政府の「大本営発表」を聞いて、すべての情報が公開されていると考える人は、いまやほとんどいないでしょう。けれども、政府や東京電力がどこまで真実を把握していて、どのような情報を隠しているのかは、誰もわかりません。

 今回は、改めてツイッターが注目されましたが、そこでもさまざまな情報がまことしやかに流布しています。原子力の専門家の発言を並べてみても、その内容もまちまちです。その情報のうちどれが正しいもので、どの情報に拠り所を置いていいのかがわからないのです。

 この点について、多くの知識人はこう言います。

「自分で情報を取捨選択して、自分なりの理解を形成しなさい」

 しかし、高度な専門知識を初めて聞き、そのうえ、人によって言っていることが違っていれば、戸惑うのも無理はありません。

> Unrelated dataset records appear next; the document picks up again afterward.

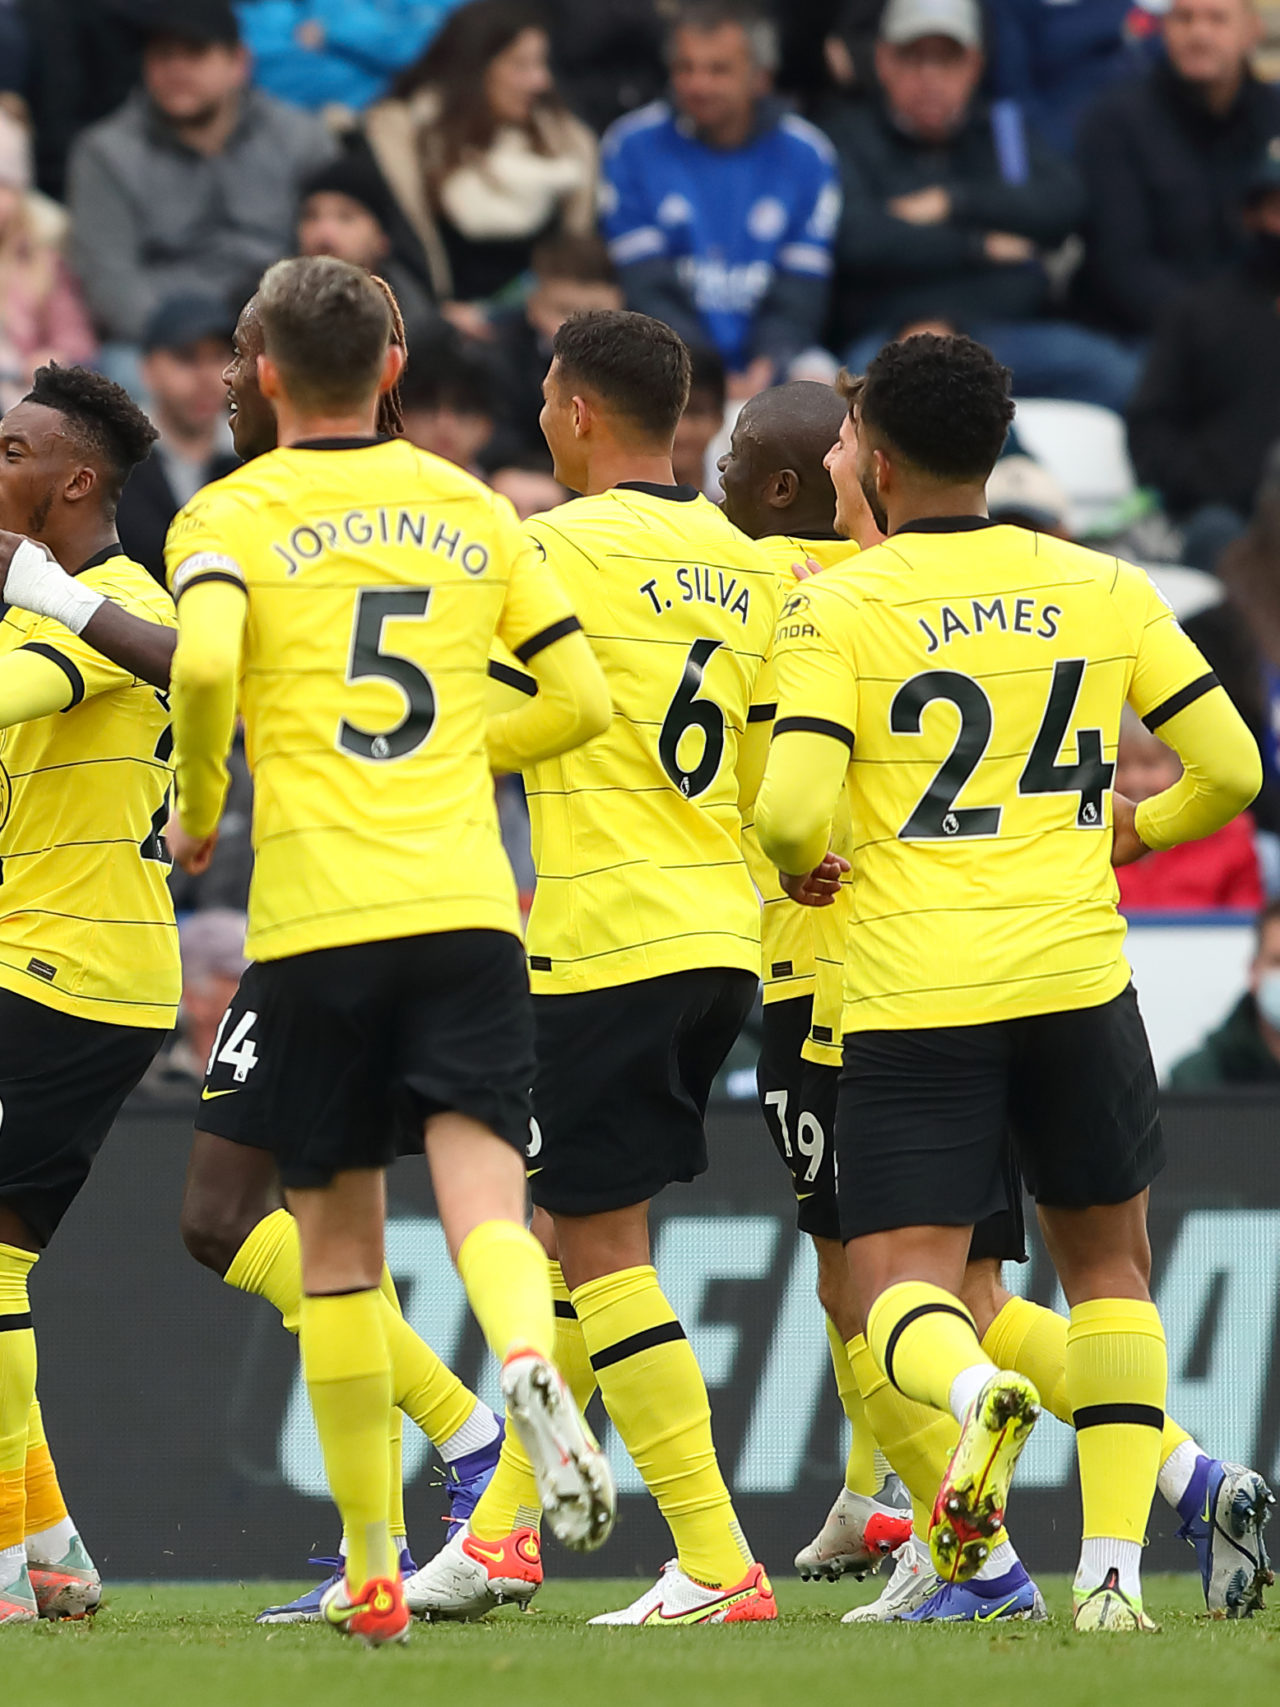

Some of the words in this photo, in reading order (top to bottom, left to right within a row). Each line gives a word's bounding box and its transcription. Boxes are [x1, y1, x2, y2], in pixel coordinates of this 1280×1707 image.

[334, 585, 439, 765] 5
[639, 578, 672, 615] T.
[676, 566, 750, 625] SILVA
[917, 597, 1063, 654] JAMES
[657, 636, 725, 801] 6
[889, 657, 1117, 842] 24
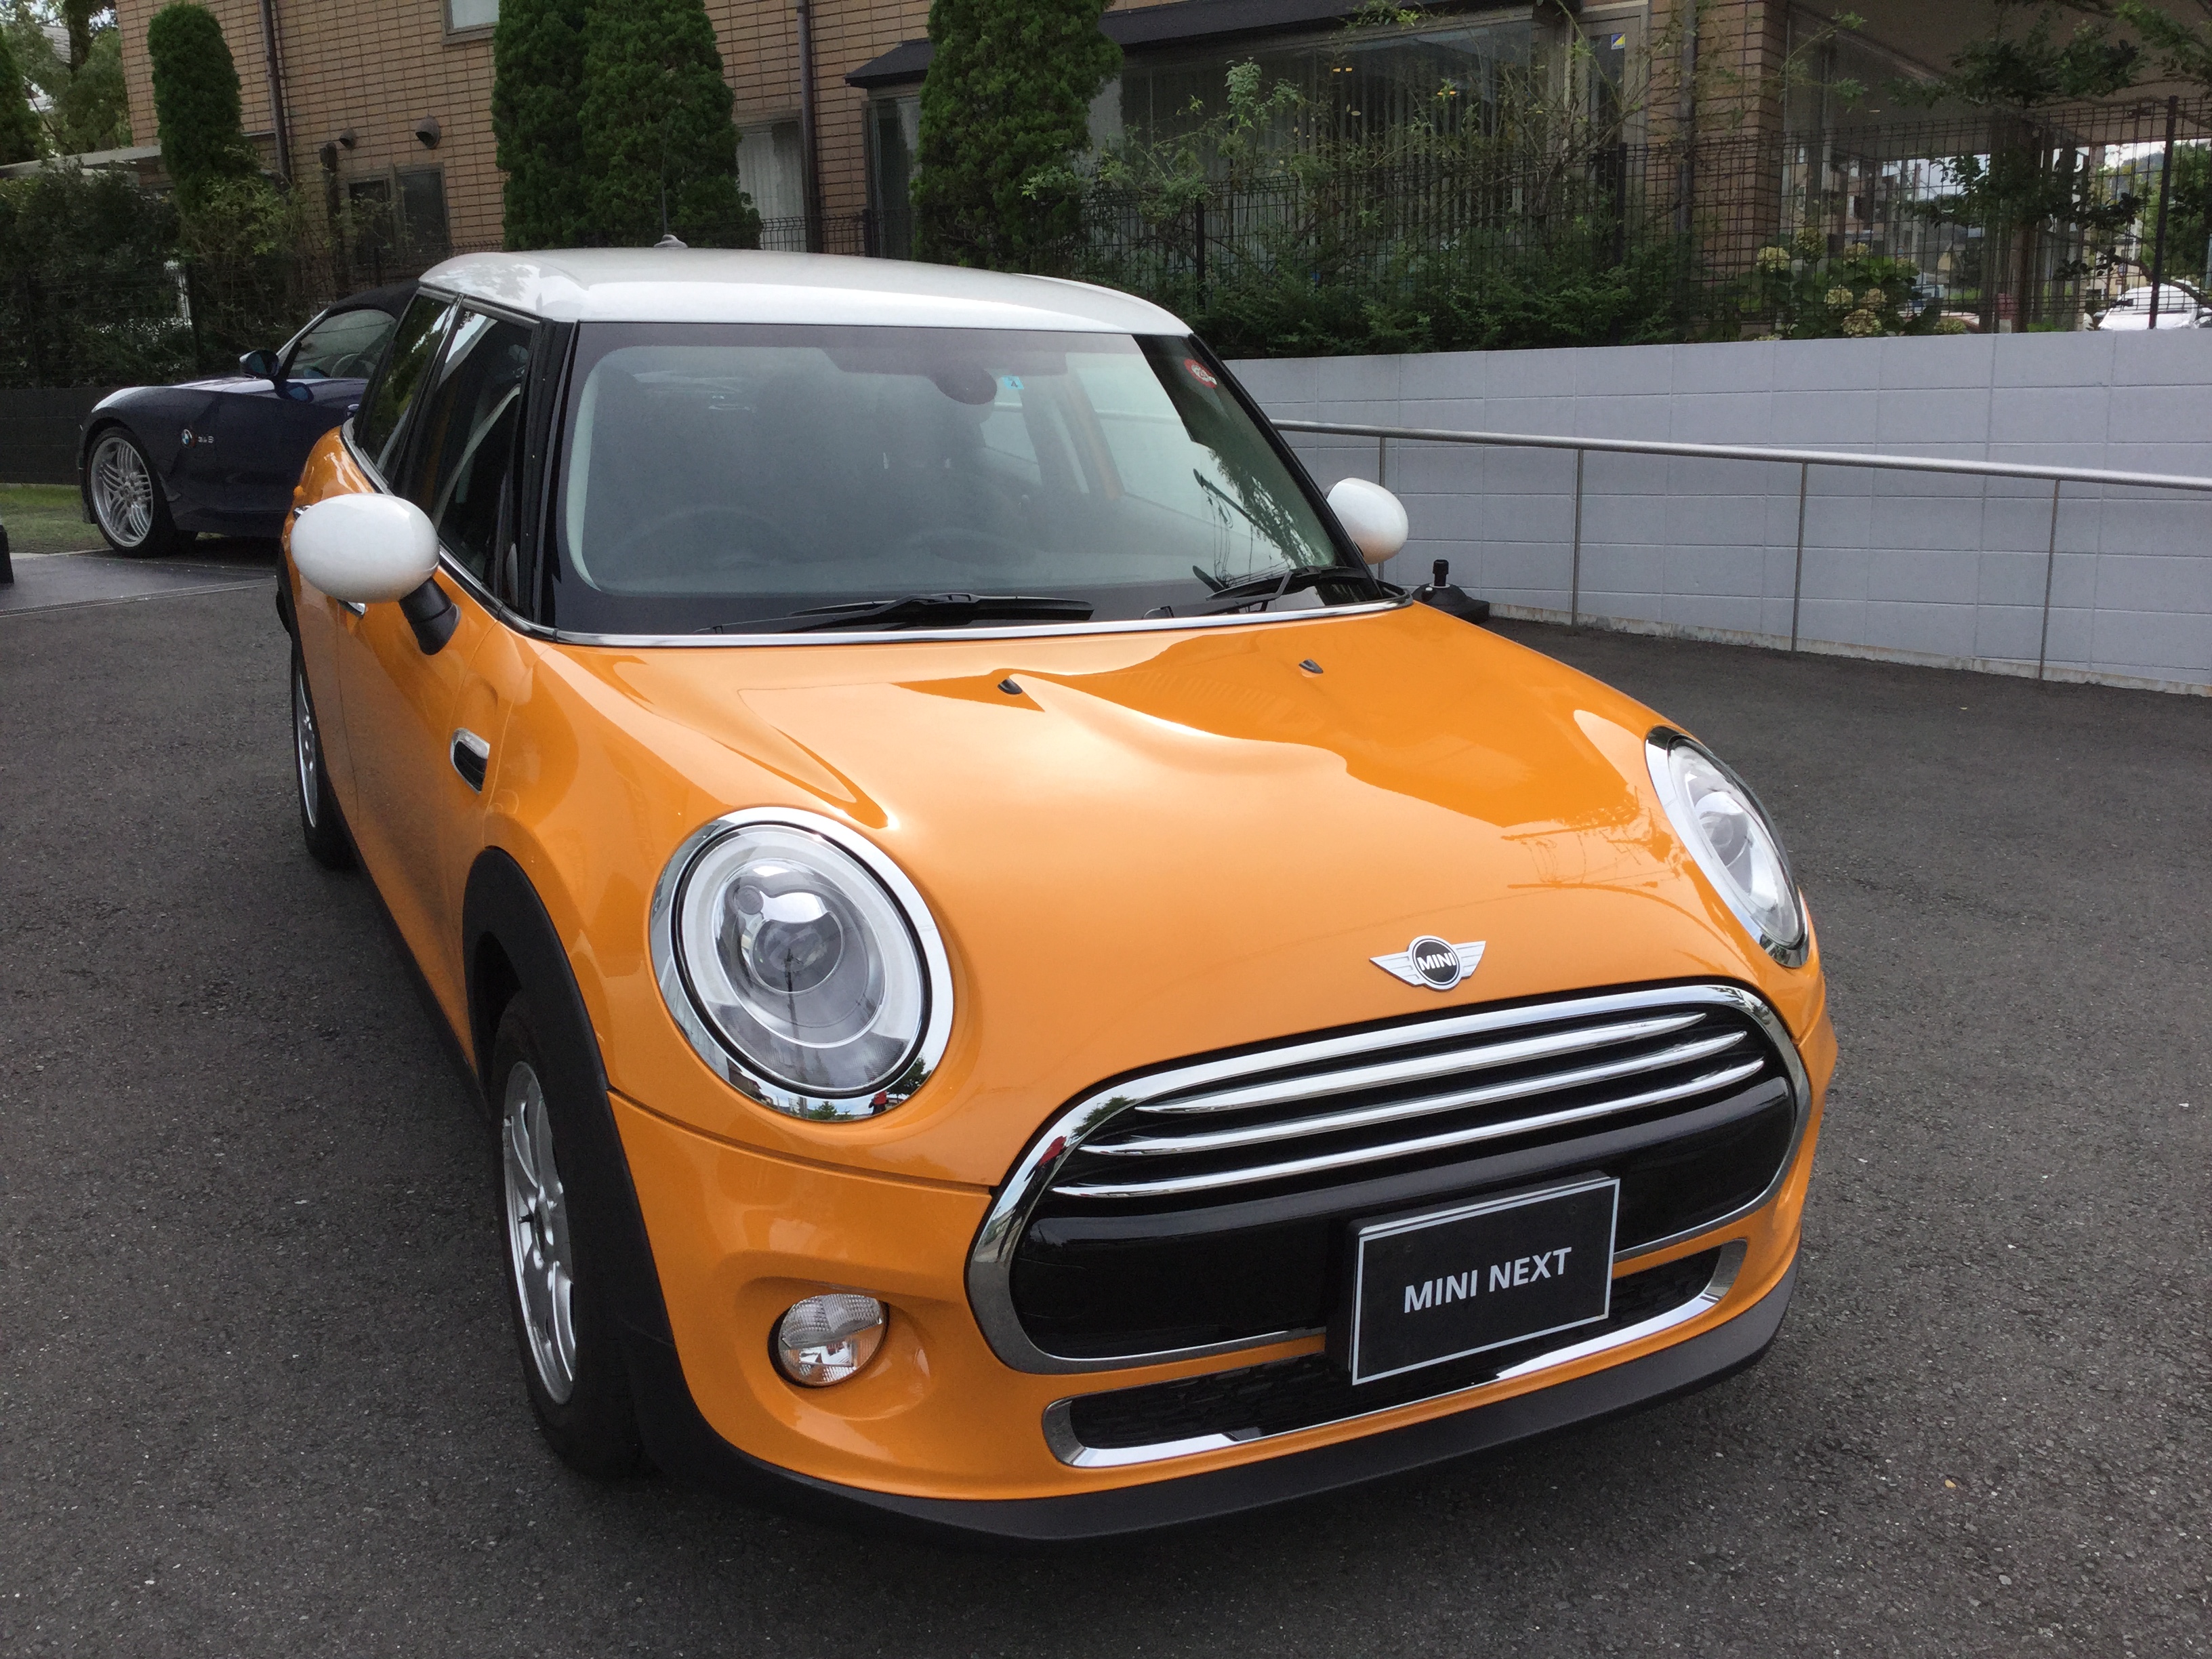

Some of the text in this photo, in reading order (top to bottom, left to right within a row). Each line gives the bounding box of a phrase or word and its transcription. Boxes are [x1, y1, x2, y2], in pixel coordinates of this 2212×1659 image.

[1417, 952, 1456, 970] MINI
[1404, 1247, 1572, 1313] MINI NEXT
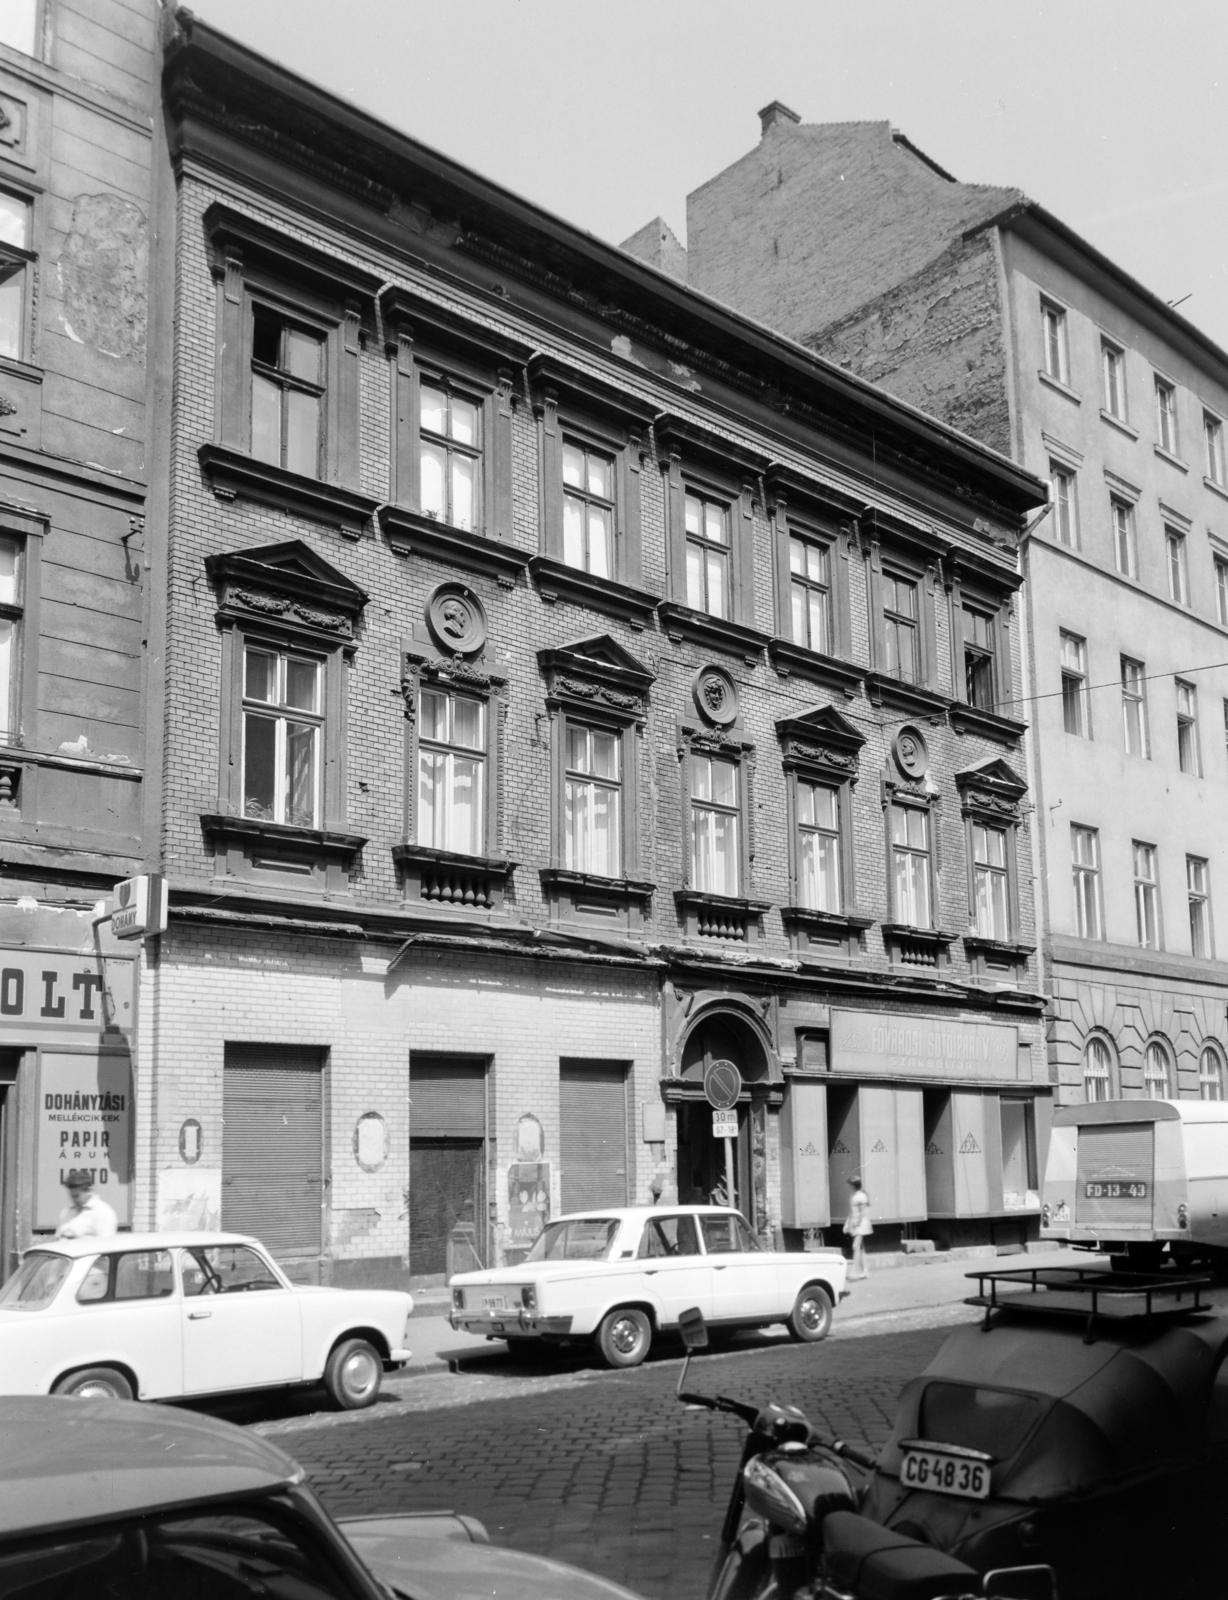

私たちは、そこまでメディア・リテラシーが高いわけではないのです。現段階では、より正確な情報を見極めることができないことが、人々の大きなストレスになっています。

白黒はっきりさせようというこころが、
かえってダメージを大きくしている

 現代の日本社会は、物事の白黒をすぐにつけたがる傾向にあります。

 だいぶ前のことですが、田中真紀子さんが次の総理大臣にふさわしいという世論が形成された時期がありました。小泉首相のもと外務大臣になった田中さんは、鈴木宗男元議員との確執などで外務大臣を罷免されます。そのときは、小泉首相の支持率が急落するほど田中さんの人気は絶大なものでした。

 しかし、秘書給与横領というスキャンダルが発覚すると、メディアは手の平を返したようにバッシングに走りました。すると、あれだけ持ち上げていた国民も、やっぱりあの人は信用ならないとそっぽを向いてしまったのです。

 日本中の期待を集めて政権を奪取した民主党も、鳩山さんの支持率は一気に落としてしまいます。そうかと思えば、菅総理に変わったとたん、何の仕事もしていない段階にもかかわらず支持率が急上昇するという現象が起こりました。

 サッカー日本代表「岡田ジャパン」も、ワールドカップに入る直前までは酷評されていて、大会直前にもかかわらず、早く辞めろとまで言われていました。しかし、ワールドカップの初戦カメルーン戦に勝利すると、岡田さんは「名将」に変わりました。あまりにも急激に評価が変わってしまうことに、戸惑った記憶があります。